What can we say about it? It’s Kali Yuga, and the last two-three hundred of it that has been reliably recorded is the only thing that modern science knows. They assume that if something hasn’t happened in the recent past (and two-three hundred years is nothing even in their estimation of human history) it couldn’t have happened before and it’s not going to happen in the future.

This is not very logical and creationists attack them for assuming that certain physical constants are actually constants but we need to take it even further, to the area that even Christians would not approve, because Christianity severed connection between nature and divinity right from the start. In their view the world is corrupted and therefore ungodly and so there could not be any other powers running it apart from God himself. They still believe in angels, though, so that’s not very logical either.

I’m afraid we have to concede that we can’t prove existence of demigods anymore and this closes the door on the ascending process of finding Kṛṣṇa – the way Gopa Kumāra looked for Him in Bṛhad Bhagavatāmṛta. This is also the way Kṛṣṇa’s supremacy is gradually established in Śrimad Bhāgavatam – by having all kinds of exalted personalities offer prayers to Viṣṇu and then putting Kṛṣṇa even above Him.

There is also a process for testing avatāras often described by Śrila Prabhupāda, though most of the time it was meant to discredit self-appointed gods. Real God must possess all opulences, display features like omnipotence or omniscience, His body must be forever youthful and so on. Needless to say, this method not useful in debates with scientists. We can only say that both Kṛṣṇa and Lord Caitanya passed the muster but scientists would require a “peer review” that is unavailable now. It was available in Kṛṣṇa’s time, however, because there were enough qualified personalities to approach the Lord and “run the tests”, so to speak.

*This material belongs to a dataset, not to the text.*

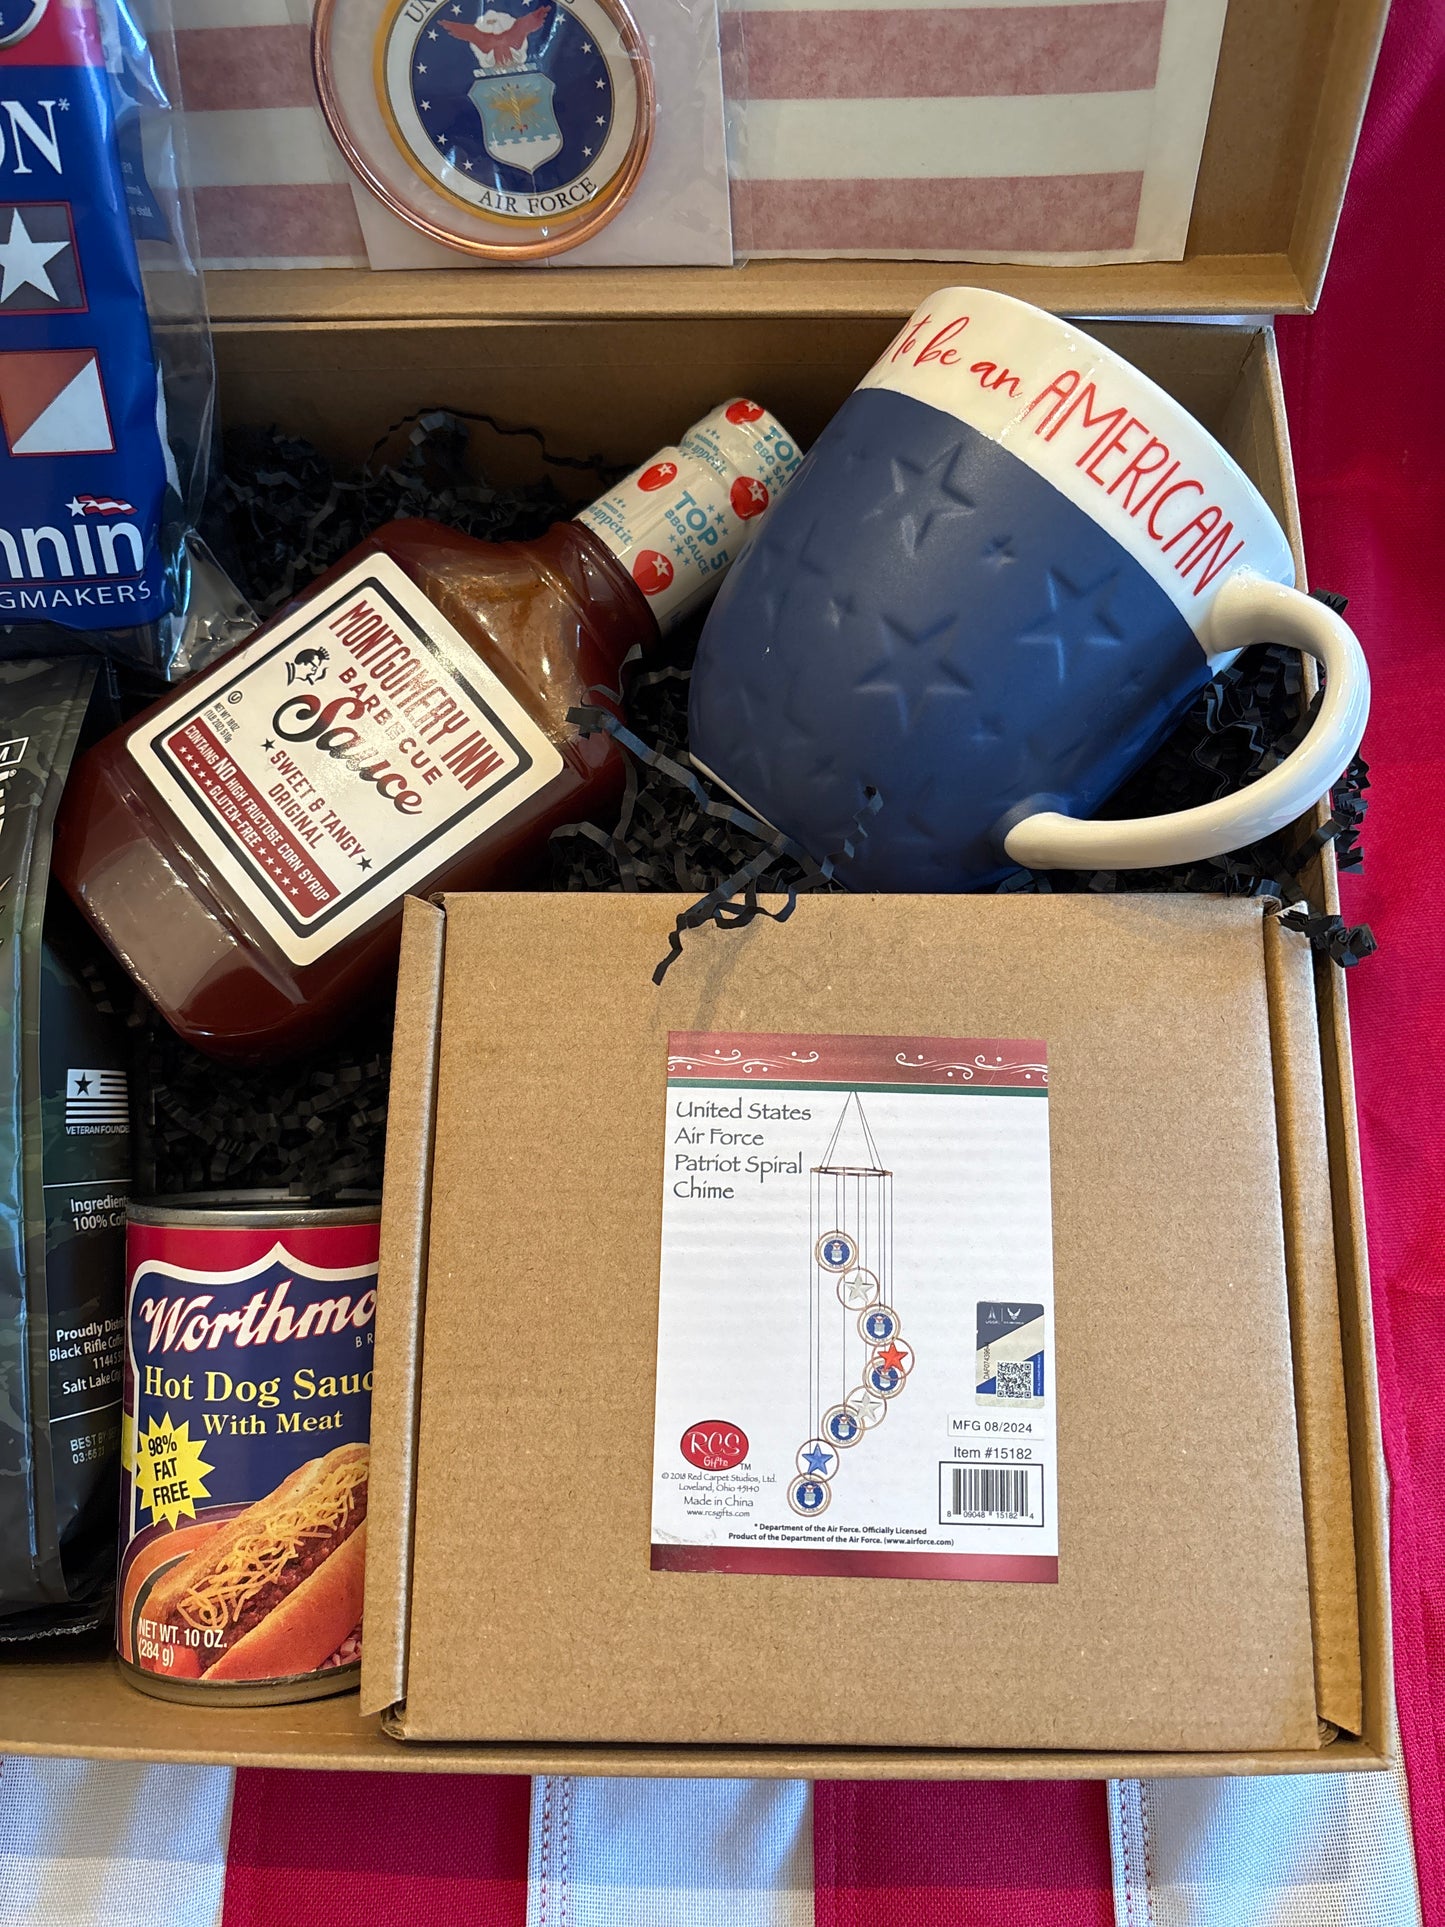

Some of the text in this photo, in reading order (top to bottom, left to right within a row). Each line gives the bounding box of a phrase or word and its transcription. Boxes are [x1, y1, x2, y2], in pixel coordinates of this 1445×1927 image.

So, if we discuss the nature of God with scientifically minded persons we have to concede that the world is completely separated from the Lord. We have to concede that it is run strictly by the laws of nature and has no visible connection to supernatural God whatsoever. This is a generally correct description of the world but it’s only partially true because the Supersoul, Lord Hari, is still present within every atom and in the heart of every living entity and He is always in complete control of the observable material energy.

Leaving God out of it is a relatively small loss, though, because the Lord is absolutely independent in this respect and therefore unreliable anyway. Even if He was messing with the world all the time and breaking the laws of nature on every step we still couldn’t predict when and where it was going to happen and He could intentionally avoid being detected every time scientists set up an experiment to catch Him in the act.

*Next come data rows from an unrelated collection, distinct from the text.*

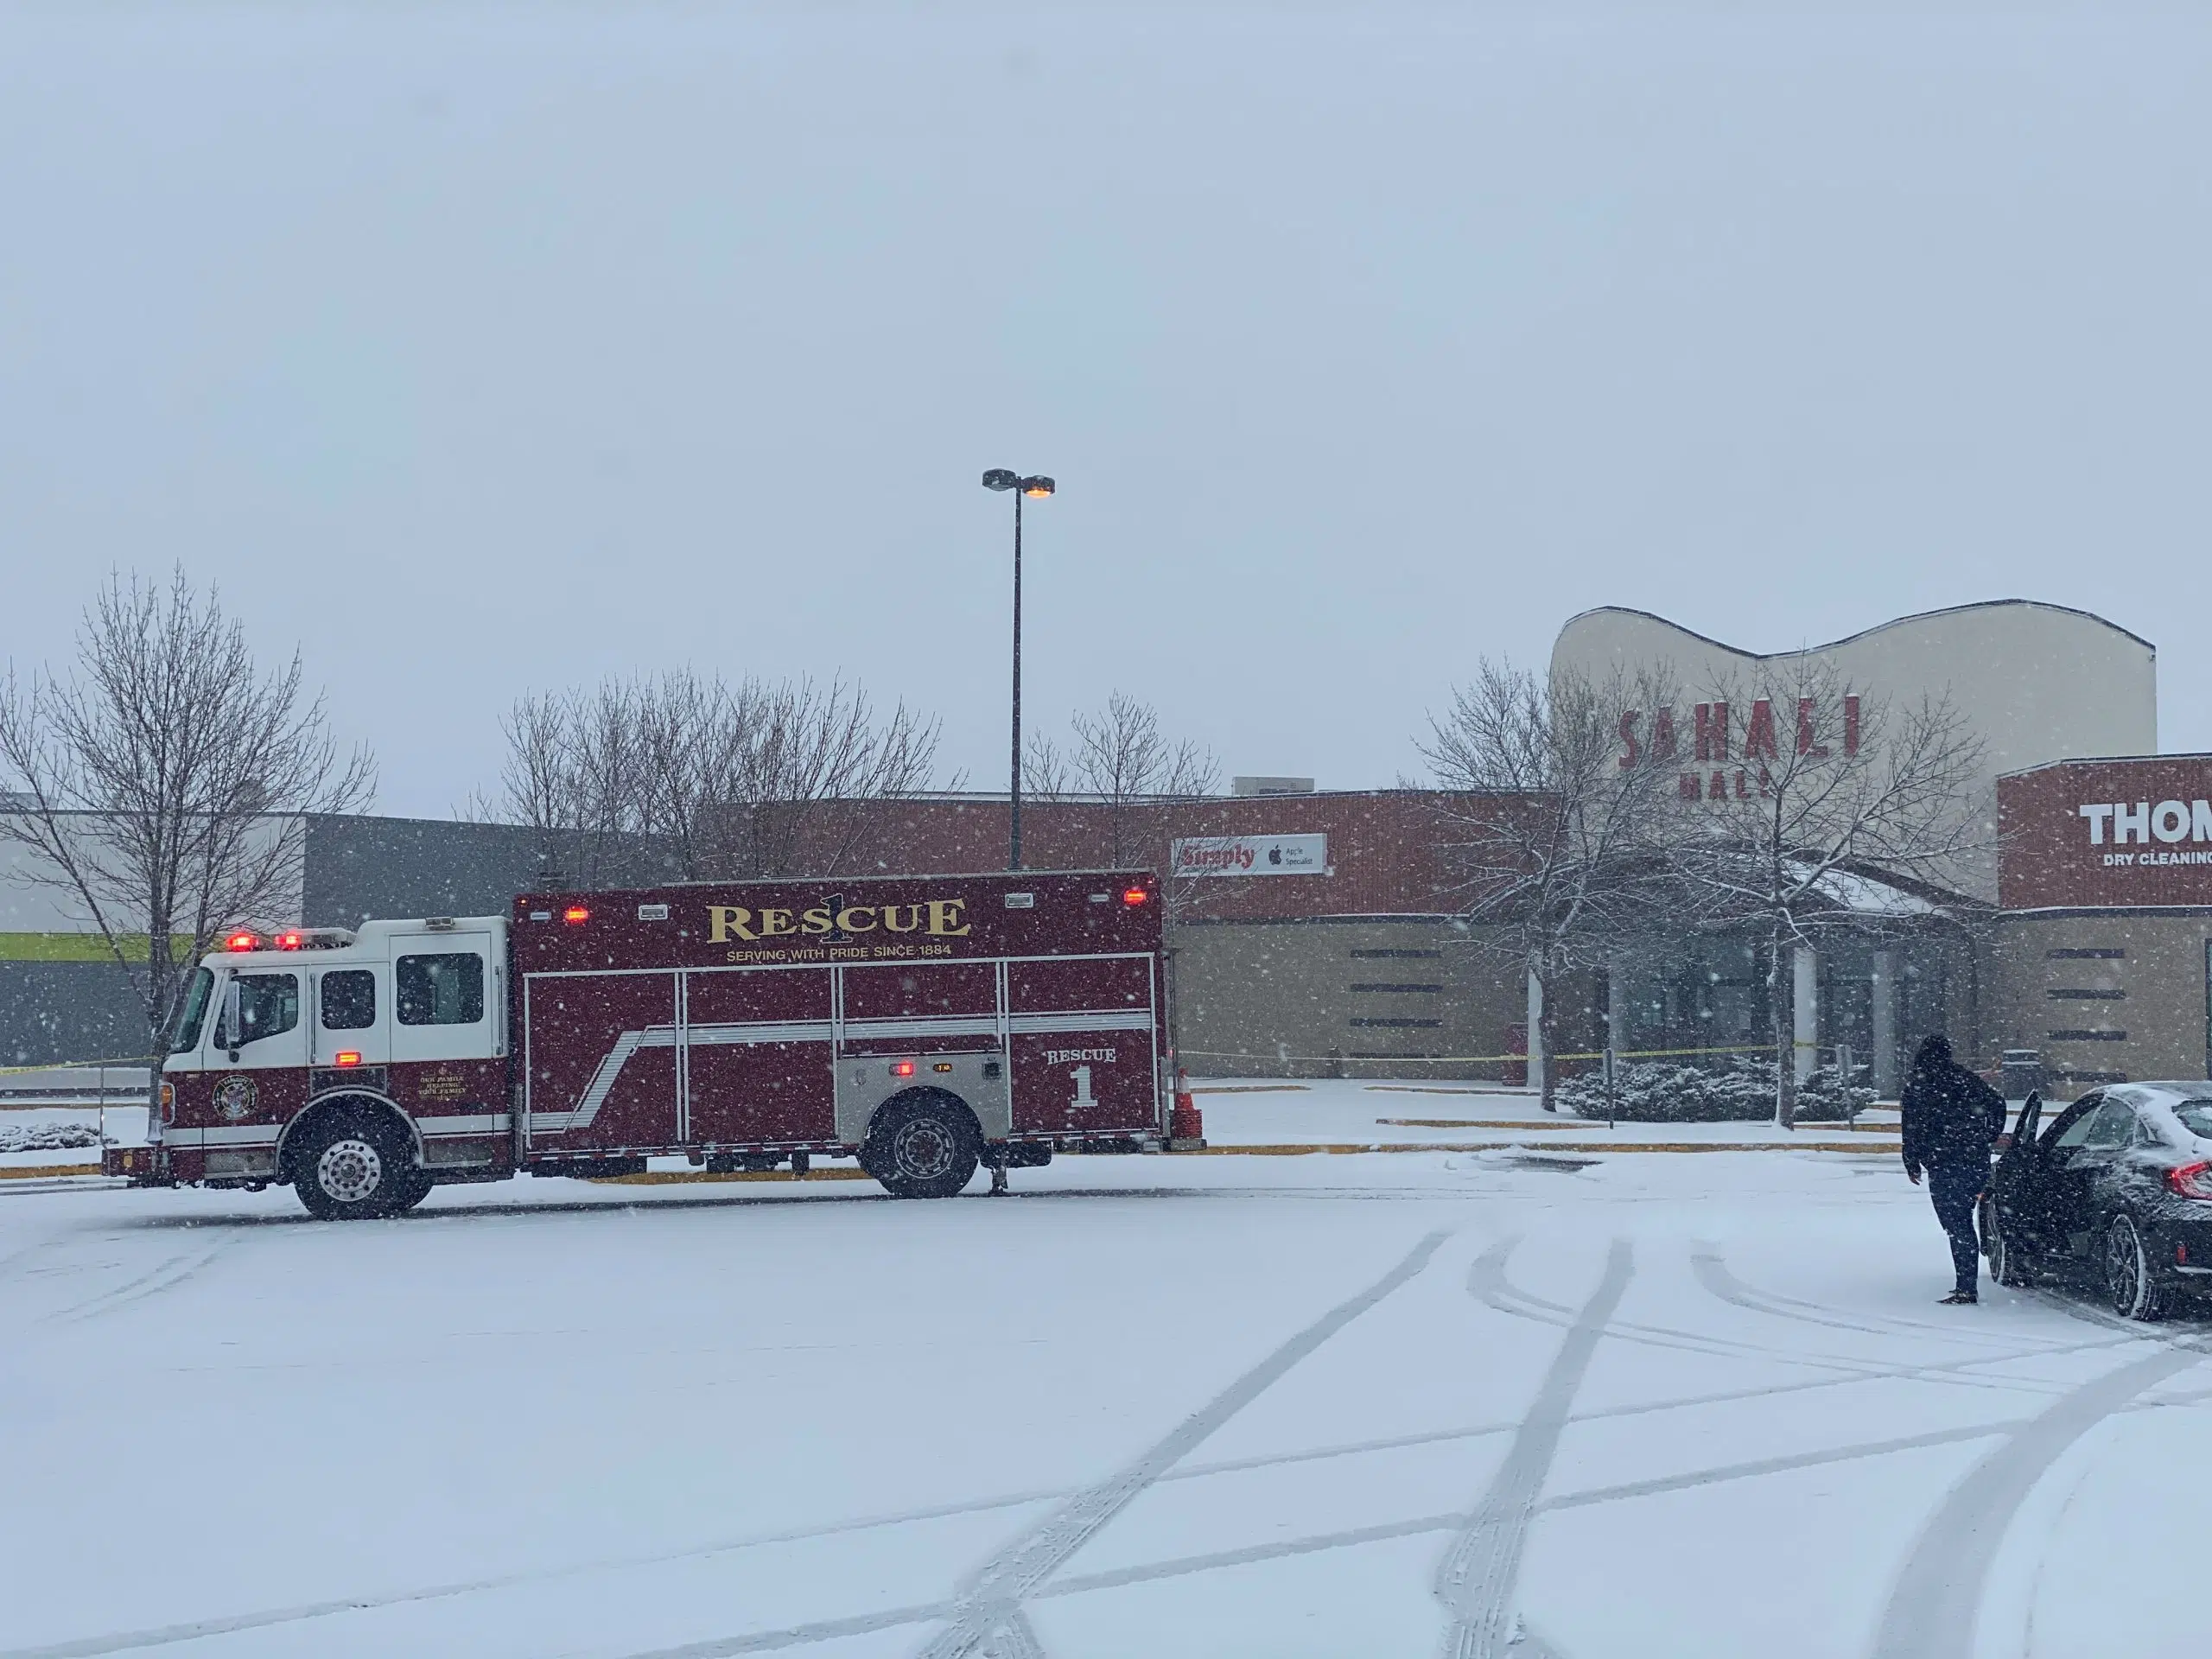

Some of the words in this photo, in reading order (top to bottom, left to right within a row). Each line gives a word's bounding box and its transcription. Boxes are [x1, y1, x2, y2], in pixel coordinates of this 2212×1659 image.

[1618, 692, 1859, 769] SAHALI
[1286, 847, 1304, 856] Apple
[2103, 853, 2135, 866] DRY
[1286, 857, 1313, 867] Specialist
[705, 898, 972, 944] RESCUE
[727, 950, 785, 962] SERVING
[791, 949, 824, 960] WITH
[830, 947, 868, 957] PRIDE
[874, 945, 915, 957] SINCE
[919, 944, 951, 955] 1884
[1046, 1048, 1116, 1065] RESCUE
[1070, 1065, 1098, 1107] 1

Reality is that He might control the world but we can’t call Him witness anymore and it’s not because He is cruel and actually unreliable, it’s that we are not qualified to call Him witness. It’s an indictment against us rather than against Him

This might make our preaching more difficult but it’s the inconvenience we should be ready to accept in return for the opportunity itself, opportunity to preach in the mission of Lord Caitanya.

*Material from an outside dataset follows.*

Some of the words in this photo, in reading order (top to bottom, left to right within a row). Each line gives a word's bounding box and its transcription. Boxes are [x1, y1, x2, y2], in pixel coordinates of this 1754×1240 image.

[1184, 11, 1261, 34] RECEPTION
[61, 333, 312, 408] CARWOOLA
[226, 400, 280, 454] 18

It would have been so much easier if we, like Kṛṣṇadāsa Kavirāja, could cite Lord Caitanya’s behavior as proof of His divinity, how His body and His limbs would sometimes stretch to almost three meters (five-six cubits, one cubit is a distance between the elbow and the tip of the middle finger), or how His limbs would sometimes retract into His body making Him look like a turtle. This would have been impossible according to modern science but because He was God it was observable at the time.

So we have to hold our tongues back when talking about Mahāprabhu in public, we have to present Him as a “saint” or as a “reformer” and say things like “it is believed that..” Same goes for Kṛṣṇa Himself.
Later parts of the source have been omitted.